Among them is Weam Amasha, a former detainee in Israeli custody who was released in 2011 as part of a prisoner swap deal between Israel and Hamas. The 38-year-old now works at an NGO in Majdal Shams that puts on Arabic-language theater productions from its small office space in the town.

Amasha has long been opposed to Israel’s occupation of the Golan. He was arrested for “security reasons” by Israeli police as a teenager, he says, before serving 14 years of a more than 20-year prison sentence.

But Amasha, newly a father, says his opposition today does not come from his experience as a former prisoner, but “because I recognize myself as a Syrian who refuses the Israeli occupation on my land.”

Still, he says, Trump’s announcement last week “won’t change anything” after decades of what has been an effective annexation of the Golan by the Israeli government.

“From when I was young, we’ve always known that America is the main supporter of Israel.”

Just 15 or so minutes down the road from Amasha’s office, Israeli cyclists are taking advantage of the cool weather.
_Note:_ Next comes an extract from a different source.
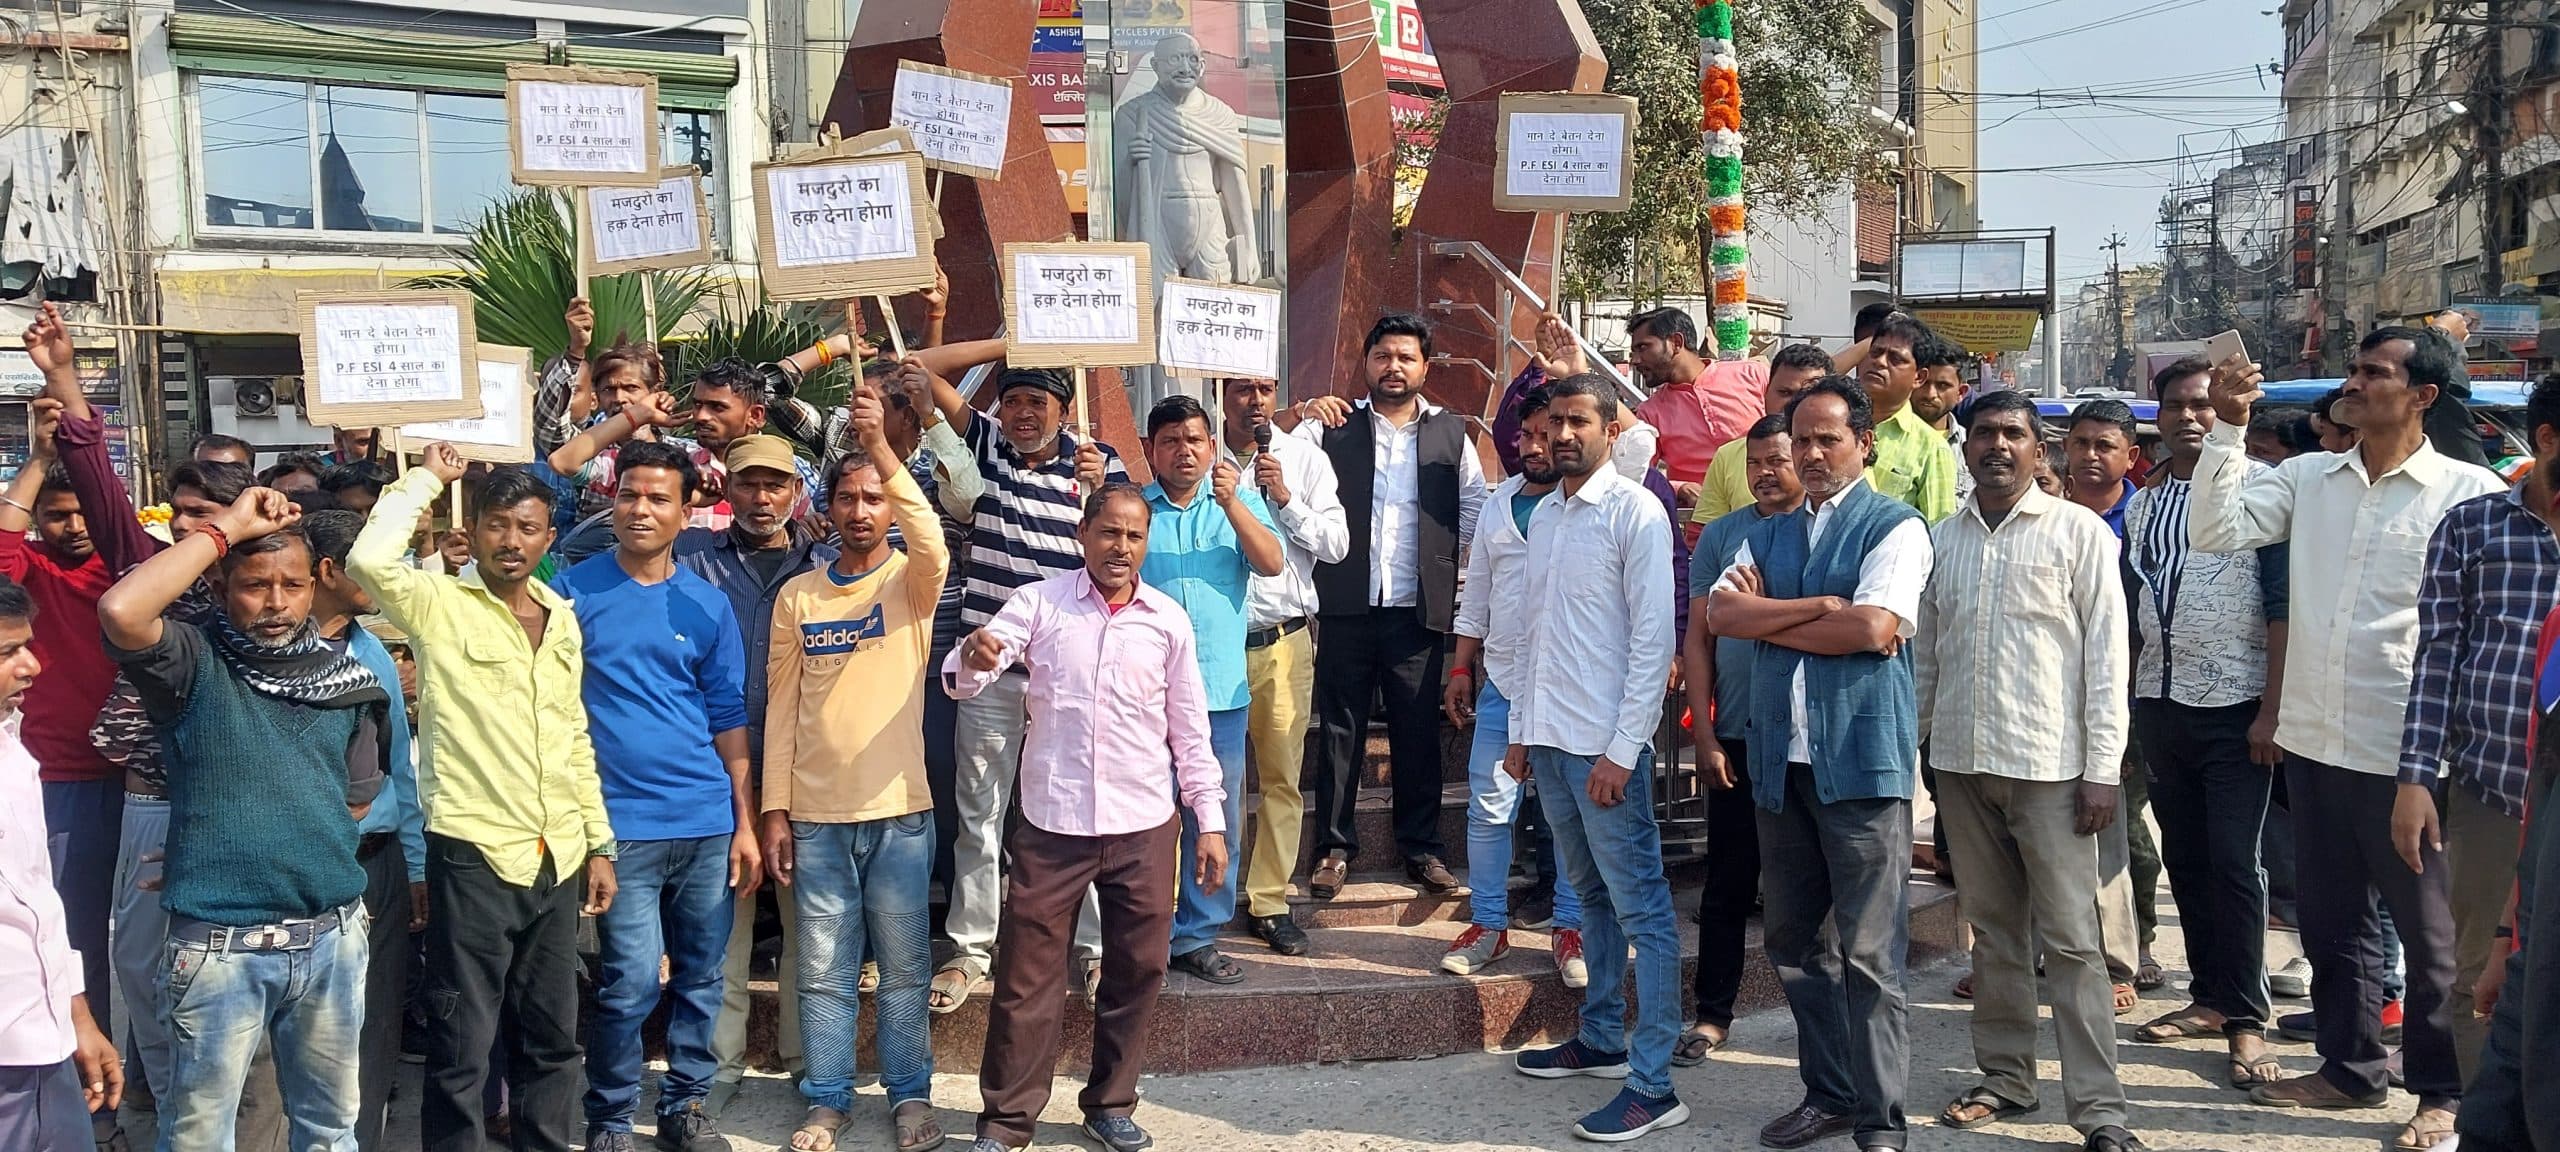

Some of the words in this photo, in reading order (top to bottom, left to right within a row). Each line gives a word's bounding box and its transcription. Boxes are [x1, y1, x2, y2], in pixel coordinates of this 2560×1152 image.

Hikers with walking sticks and backpacks trek through the mountains. Early that morning before sunrise, some one hundred or so trail runners descended a hill just outside Majdal Shams, wearing raincoats and headlamps that cut through the darkness.
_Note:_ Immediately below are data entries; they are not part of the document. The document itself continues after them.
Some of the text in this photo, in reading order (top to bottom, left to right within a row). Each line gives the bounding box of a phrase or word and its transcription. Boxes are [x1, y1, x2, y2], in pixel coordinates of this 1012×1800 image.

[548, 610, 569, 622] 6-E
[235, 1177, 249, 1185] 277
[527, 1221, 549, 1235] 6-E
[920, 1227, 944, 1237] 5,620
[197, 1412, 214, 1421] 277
Israeli settlements and kibbutz communes dot the nearby highway, their automated gates tended by security guards.

It is below these hills, in the low-lying farmland along the border fence outside Majdal Shams, that residents point to one more tangible, everyday impact of the occupation.

‘Exploitation’

Emil Masoud drives up a steep hillside just west of the fence line that demarcates where the occupied Golan ends and the ceasefire line begins. Below him, dozens of apple and cherry orchards sit fenced off from one another. A smattering of farmers dressed in the white caps and loose trousers worn by some Druze men clip away at the branches of trees.

Two or three UN vehicles pass through the farms as Masoud reaches the top of the hill, and points out a spot nearby where a wind turbine is set to be built.
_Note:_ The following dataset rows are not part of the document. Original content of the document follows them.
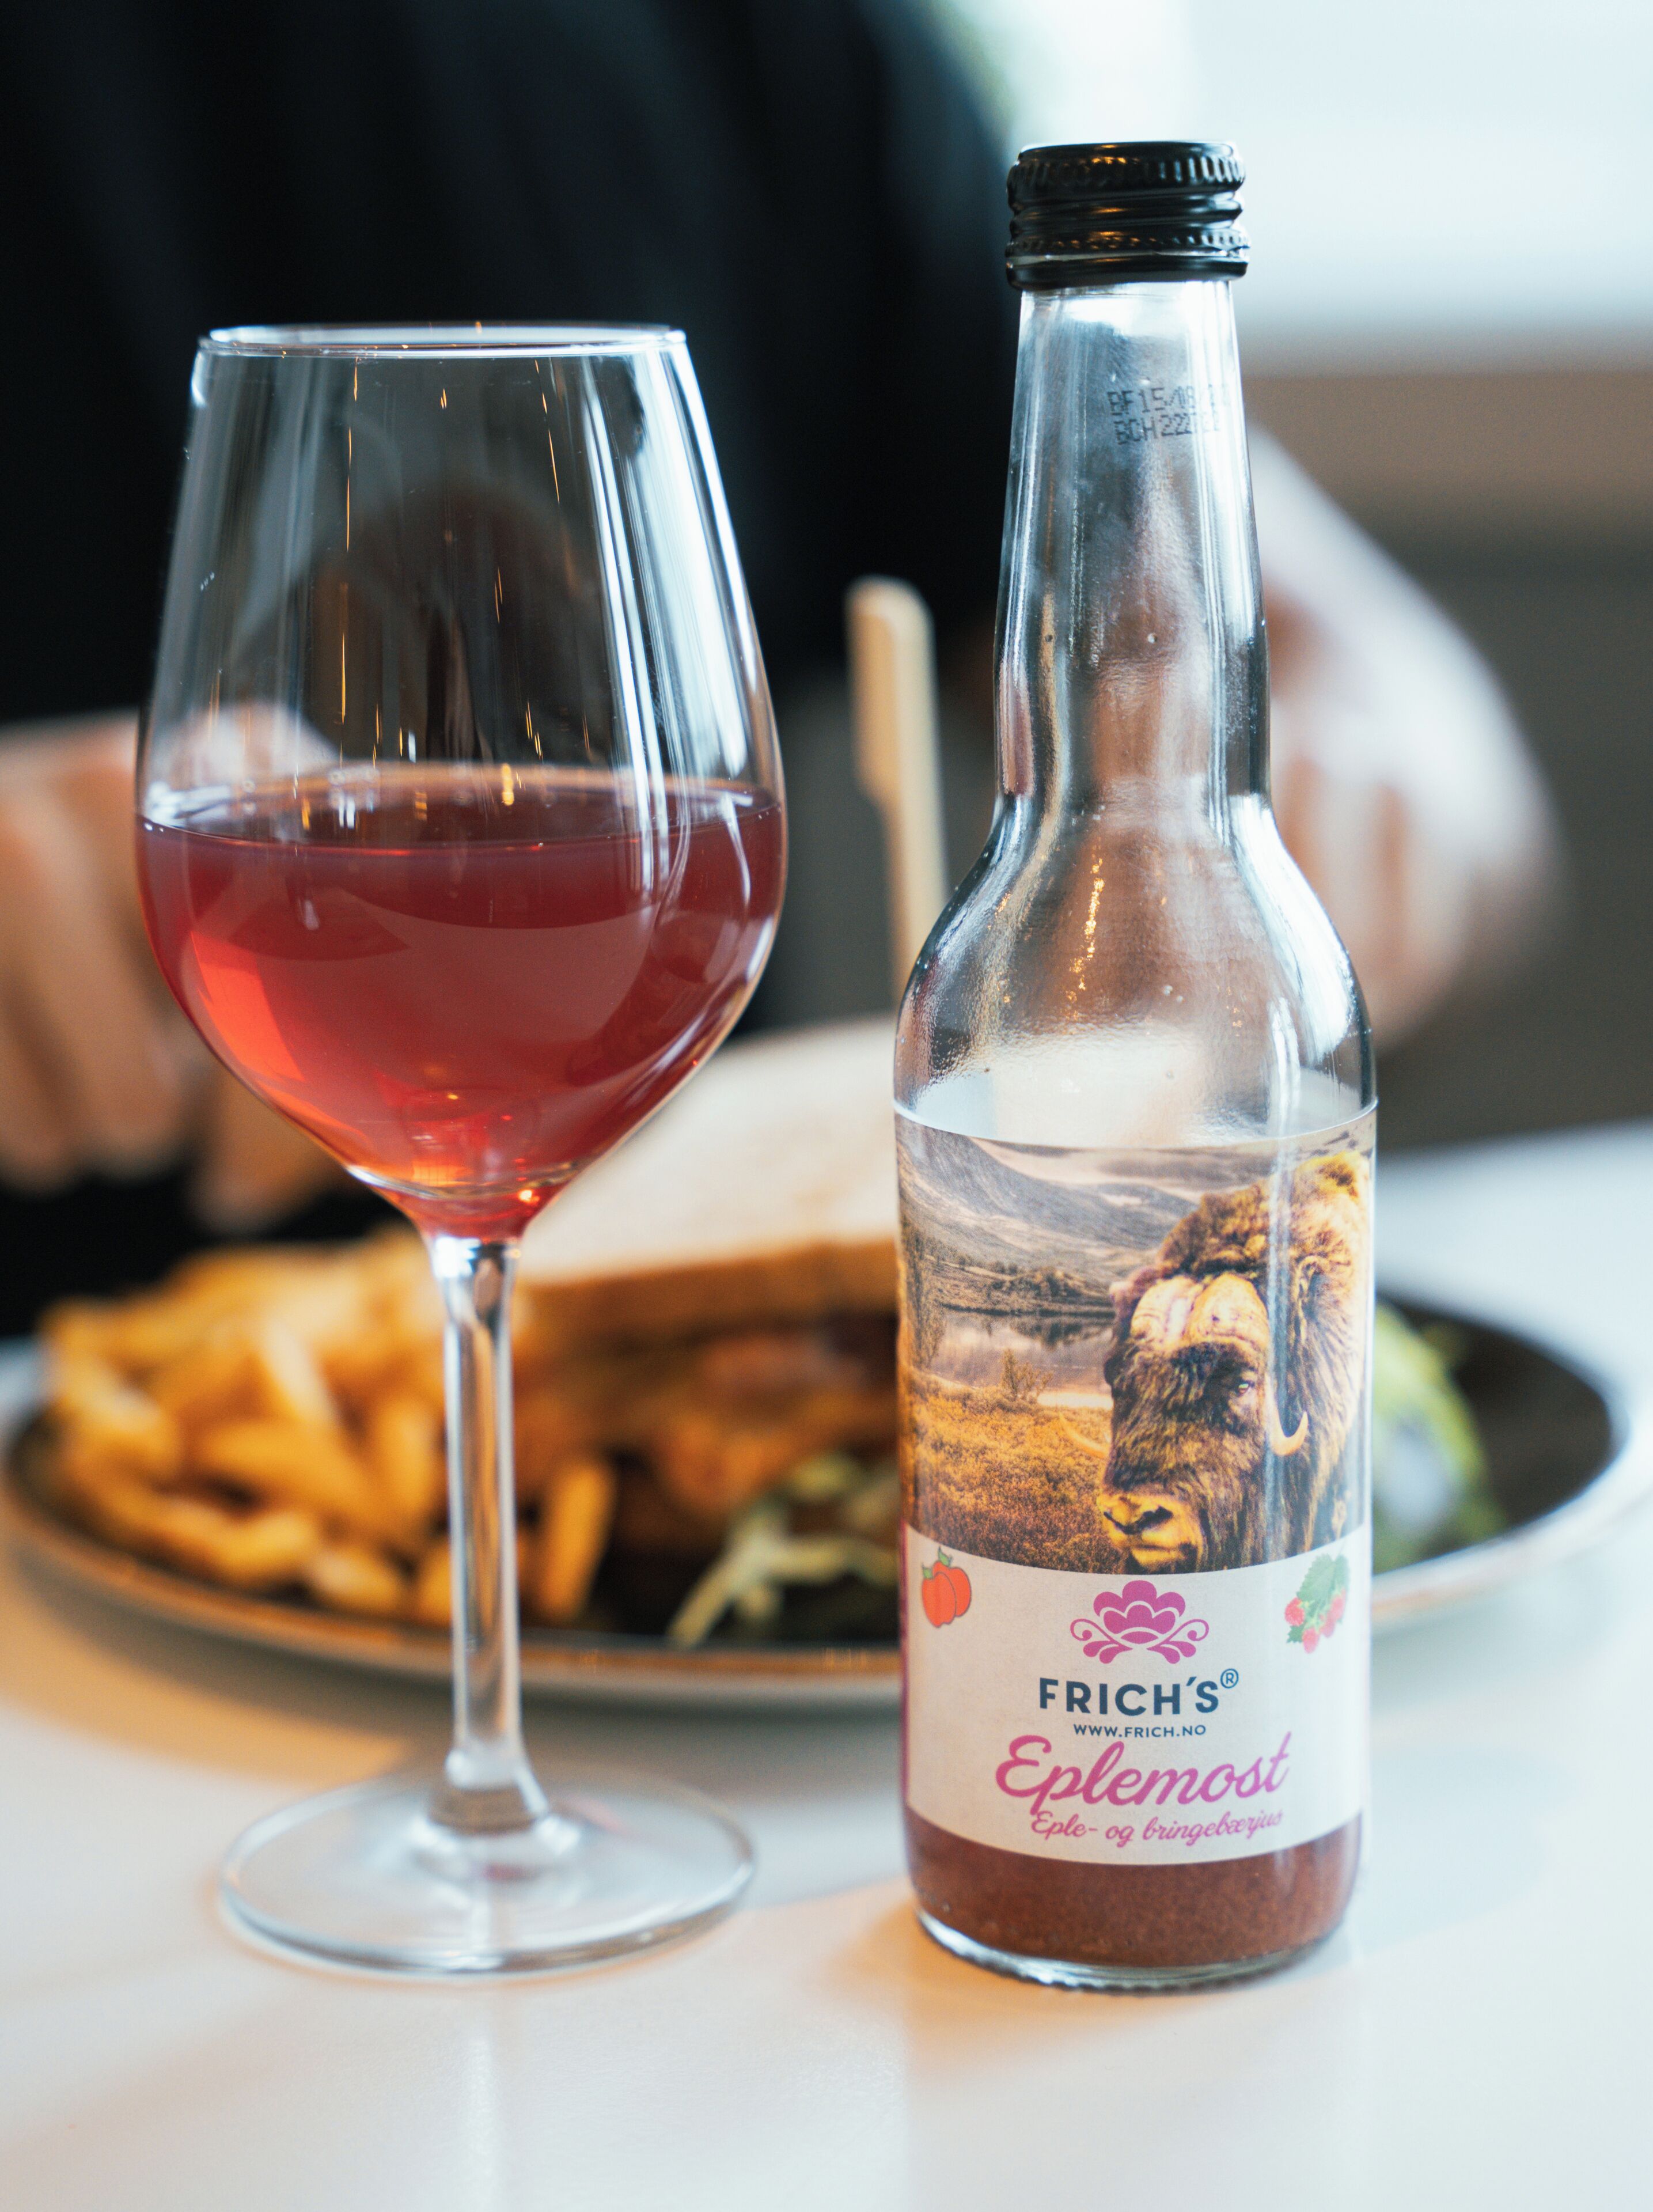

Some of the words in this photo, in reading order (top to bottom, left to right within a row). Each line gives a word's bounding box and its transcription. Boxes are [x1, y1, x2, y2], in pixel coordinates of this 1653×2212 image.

[1073, 1724, 1207, 1738] WWW.FRICH.NO
[995, 1732, 1292, 1816] Eplemost
[1031, 1810, 1098, 1840] Eple-
[1105, 1824, 1135, 1848] og
[1142, 1809, 1283, 1846] bringebærjus
“All of this hill will be covered with turbines,” he says.

In his 40s, with salt-and-pepper hair, Masoud is one of dozens of farmers from the surrounding Syrian villages who worry that an Israeli company’s plan to construct a wind farm here could disrupt their livelihoods.

Some of the turbines were originally slated to be built next to a nearby Israeli settlement, according to Al-Marsad and local activists, until the residents of that settlement objected. The machines were then moved toward the Syrian-owned farmland below Majdal Shams.

The construction plan, proposed by Israeli clean energy company Energix, includes several dozen turbines that are to be as tall as 64-story buildings, according to a research pamphlet published earlier this year by Al-Marsad.

Farmers and activists meanwhile tell Syria Direct that the company encouraged local farm owners to sign contracts for the turbines to be built on their land, without telling residents of the negative health risks.

That was already several years ago. It’s unclear whether activists, including Masoud, can now cancel the wind farm project altogether.

“We met with the company three times and they just said the good things about the project and they didn’t accept our fears or our concerns,” says Masoud.

Two representatives from the company’s Majdal Shams operations declined to comment.

At Al-Marsad’s modest office in Majdal Shams, artist Tarabieh cites the wind farm project as just one of the everyday impacts of occupation—another way lives here are quietly hemmed in by “Israeli policies [and] exploitation” imposed on local communities “without taking into consideration the people.”

It’s something that residents have been living with since long before Trump’s declaration last week thrust the area back into the international spotlight.

With Israel’s occupation of the Golan now counted in decades, rather than years, lifelong residents of Majdal Shams—like Tarabieh—remain unsure of what will actually change on the ground in the wake of the White House proclamation.

“We’re already living these policies,” Tarabieh says. “What Trump’s [announcement] adds is to give the Israelis a kind of push, a kind of approval.”